Unlock the Editor’s Digest for free
Roula Khalaf, Editor of the FT, selects her favourite stories in this weekly newsletter.
Bank of America has sent “letters of education” to employees who have not been showing up at the office, warning them of disciplinary action, in the latest move from a large company to push staff back to the workplace.
One of the messages said its recipient had failed to meet the bank’s “Workplace Excellence Guidelines” for work location “despite requests and reminders to do so”.
“Failure to follow the workplace excellence expectations applicable to your role within two weeks of the date of this notification may result in further disciplinary action,” according to the text of the letter that a BofA employee posted online.
A bank spokesperson said the text was consistent with the warning letters that have been sent, without verifying their exact contents.

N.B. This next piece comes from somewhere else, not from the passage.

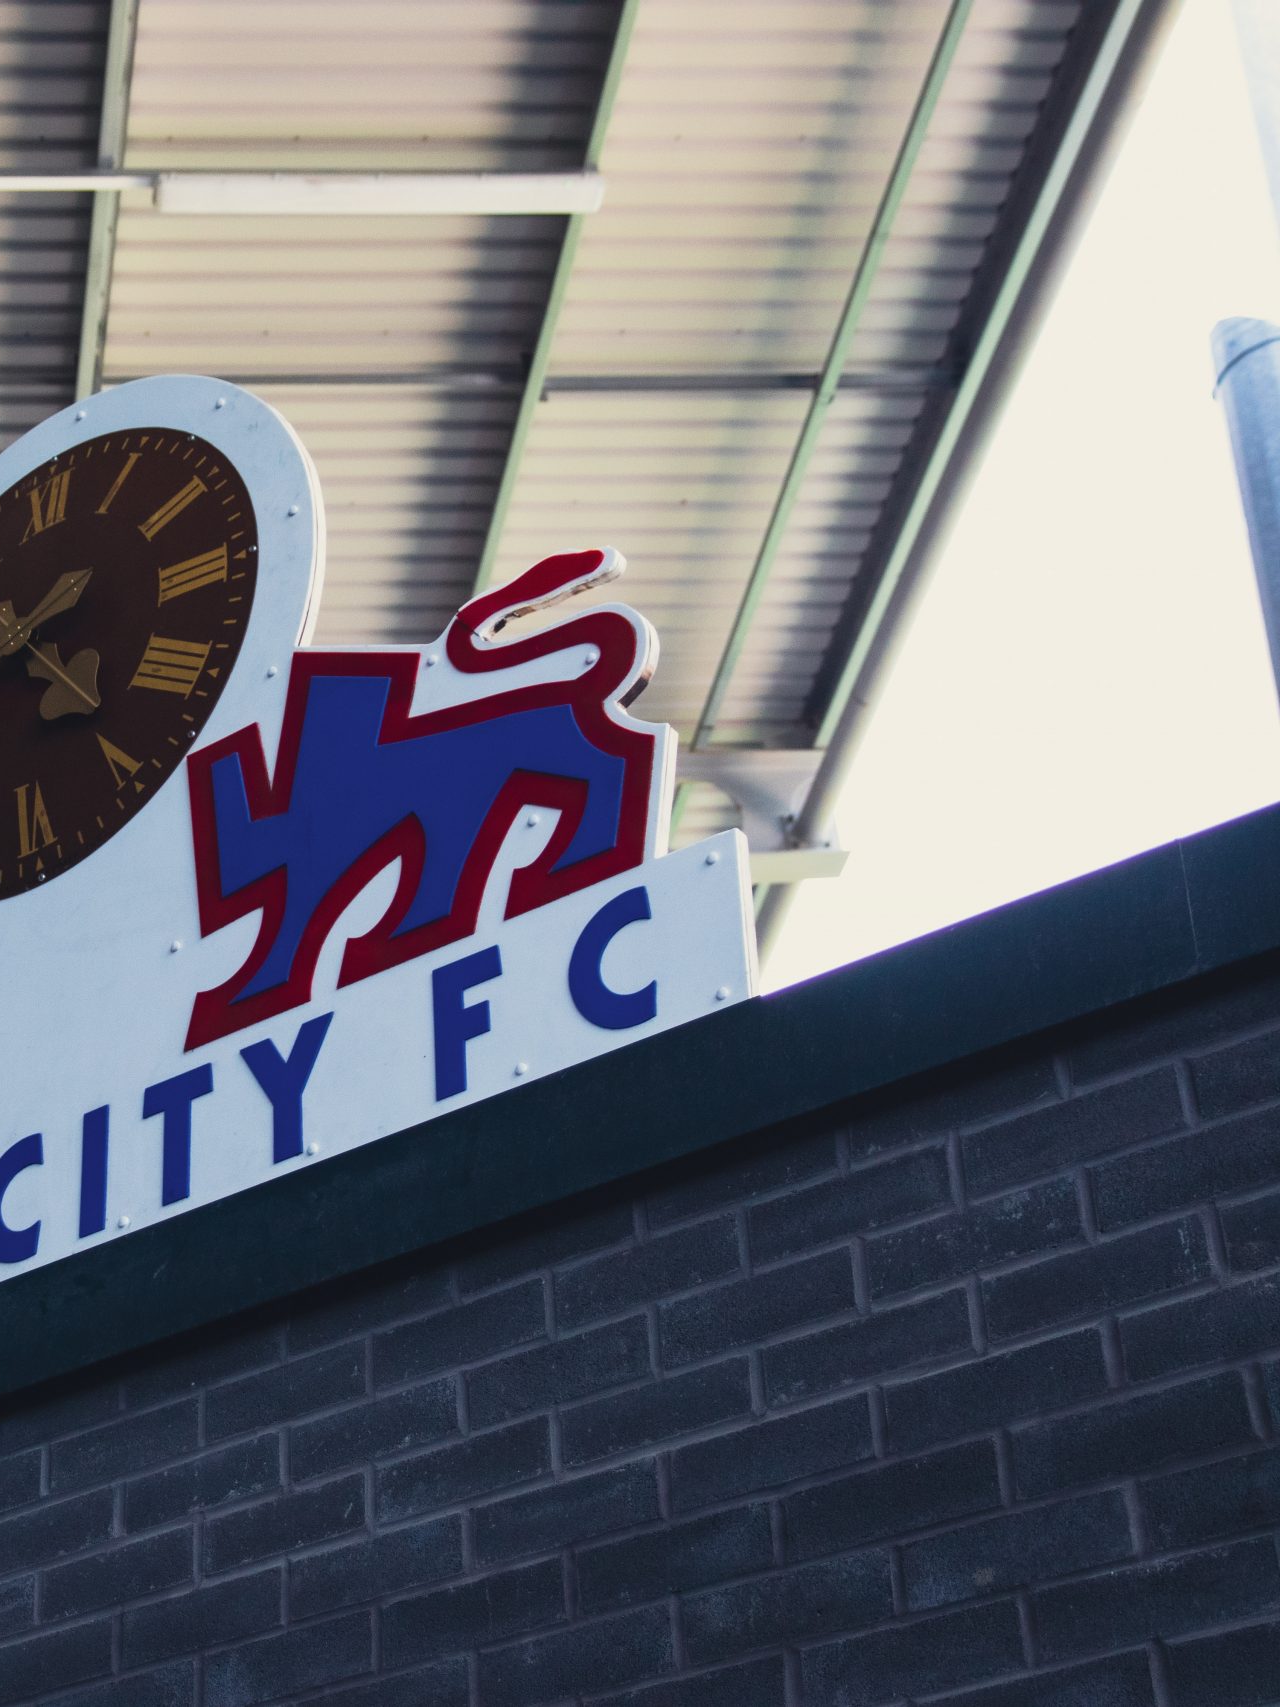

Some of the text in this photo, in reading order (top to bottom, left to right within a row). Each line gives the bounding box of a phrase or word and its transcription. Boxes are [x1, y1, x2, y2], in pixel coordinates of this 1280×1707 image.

Banks were among the first employers to call workers back to offices after Covid-19 altered work routines. Even so, nearly four years since companies sent workers home at the start of the pandemic, 82 per cent of large financial companies retained hybrid arrangements for most of their employees as of the end of 2023, according to the most recent data from workforce consultant Scoop.
But Jeanne Branthover, head of the global finance practice at recruiting firm DHR Global, said since the start of this year all of the banks have been stepping up enforcement of days required in the office. “Sending out these letters, that wasn’t happening before,” she said. “Once one firm says it is going to do X, then everyone is going to follow.”
JPMorgan Chase, the largest US bank by assets, last April began requiring all senior managers to be in the office five days a week, up from three. The bank declined to comment.
Citigroup last summer sent a notice to its UK employees that it would begin tracking office visits, as well as enforcing its attendance requirement, which is three days a week for nearly all employees. “We remain committed to our hybrid work model,” said a Citi spokesperson.
Goldman Sachs, which was earlier than most banks in requiring employees to return to the office in 2021, said attendance from Monday to Thursday had returned to pre-pandemic levels while it was still lower on Fridays.
Goldman recently told junior bankers that they could not expense meals if they were working from home, even if they were working late or otherwise would qualify for a meal in the office.
“We’ve returned to our normal policy for after-hours meals,” a Goldman spokesperson said.
Office attendance expectations have become more stringent as higher interest rates and a slowdown in corporate dealmaking have hurt banks’ bottom lines and prompted lay-offs. “Banks are not as worried about losing their talent as they were a year ago,” Branthover said.
BofA, Citi and UBS have initiated new rounds of job cuts in the past week. BofA’s lay-offs involve a few dozen workers and are mostly in its investment bank, according to outside recruiters and employees there.
Lay-offs at Citi and UBS are part of restructuring efforts, the former of which is looking to cut 20,000 workers by 2026. UBS is eliminating jobs as it integrates teams from the struggling Credit Suisse, which it acquired last year.
Citi, UBS and BofA declined to comment on lay-offs. BofA said it had not altered its in-office requirement, which has been three days a week for most employees since October 2022, and that the vast majority of its workers comply with attendance policies.
BofA issues letters of education to employees for a variety of workplace issues, and began using them to address office attendance concerns last autumn. Earlier this month, BofA reported that its employee turnover rate dropped to 6 per cent in the fourth quarter of 2023, about half of the bank’s typical rate.